I am a young guy who lacks confidence. How can I get better?

Three things can help: knowledge, skills, and non-verbal cues.

How do you put these three things to good use?

Practice these small habits every day so that you can boost your self-confidence:

Ask questions. Remember: knowledge is power. How do you acquire knowledge? It’s something you must get more proactive about. For example, every time you have a conversation with someone, ask them things: how their day is going, what their schedule is like, how long does it take them to get home, what they like to eat for breakfast, which activities they enjoy in the evenings, what they’re looking forward to next weekend, etc. Asking questions has many benefits: you take focus away from yourself and on to the other person, which helps you relax; you get information that other people may not automatically share with you, which boosts your knowledge about them; you find out which things you both have in common so that you can build on a friendship that both of you can enjoy.

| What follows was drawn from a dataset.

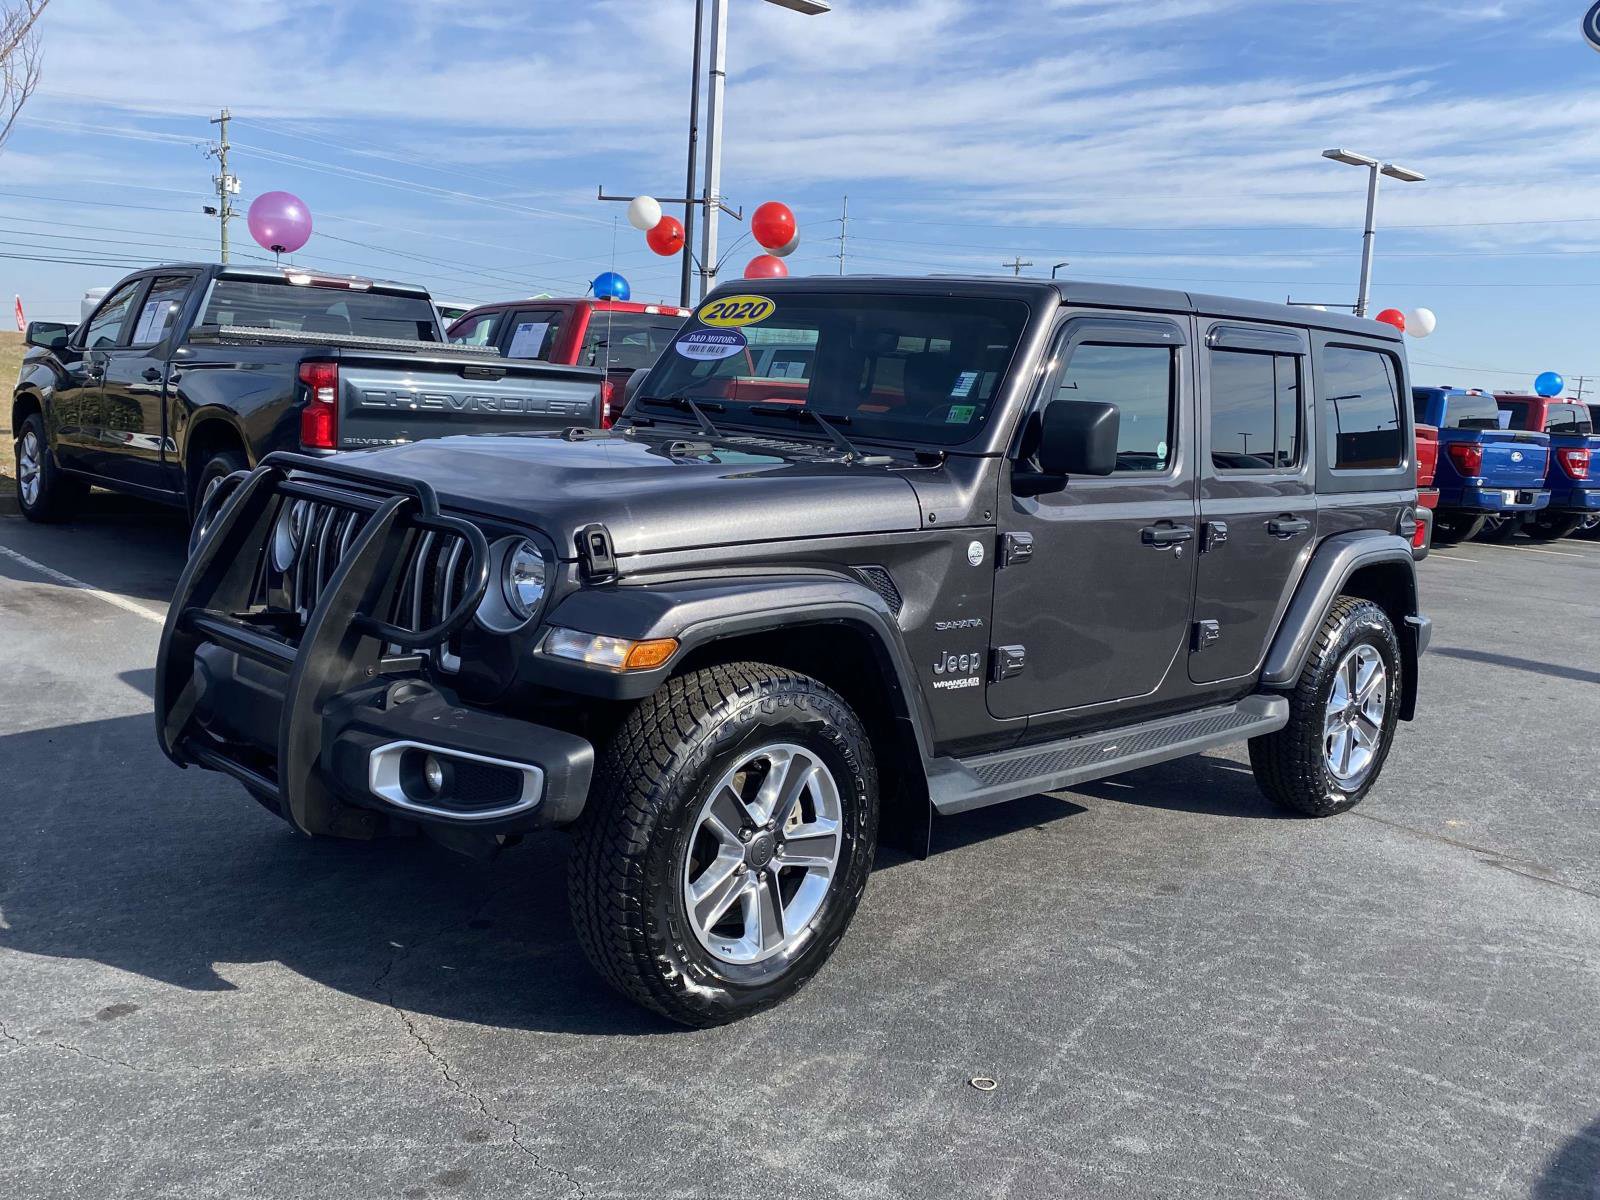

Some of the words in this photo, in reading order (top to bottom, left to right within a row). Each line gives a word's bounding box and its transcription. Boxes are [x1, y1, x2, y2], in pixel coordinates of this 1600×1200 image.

Become a master of one specific thing. Which skills do you have that you are particularly proud of? What is it that your close family and friends say are your greatest strengths? Identify these areas, then focus on mastering one specific skill or talent: playing an instrument, being athletic, singing, learning a foreign language, etc. Grow your skill every day, in small increments, and practice it at every opportunity. Turn this skill into a daily habit, and you will quickly see how it boosts your confidence.

Use your body language. Whenever you find yourself in a social setting, either at work, school, or around friends, show your interest in other people with non-verbal cues. Stand in front of them when you meet them instead of keeping somewhere in the back of the room. Look your conversationalist in the eye instead of looking away. Don’t keep glancing at your cell phone when you talk. If you’re sitting down, lean your body slightly forward as you’re listening or talking; show them you’re fully focused and interested in the conversation.

Remember: Confidence is like a muscle. Chances are, you probably have some of it already, but it’s not visible. You need to work on it so that it can grow, become strong, and ultimately help you to feel positive about yourself.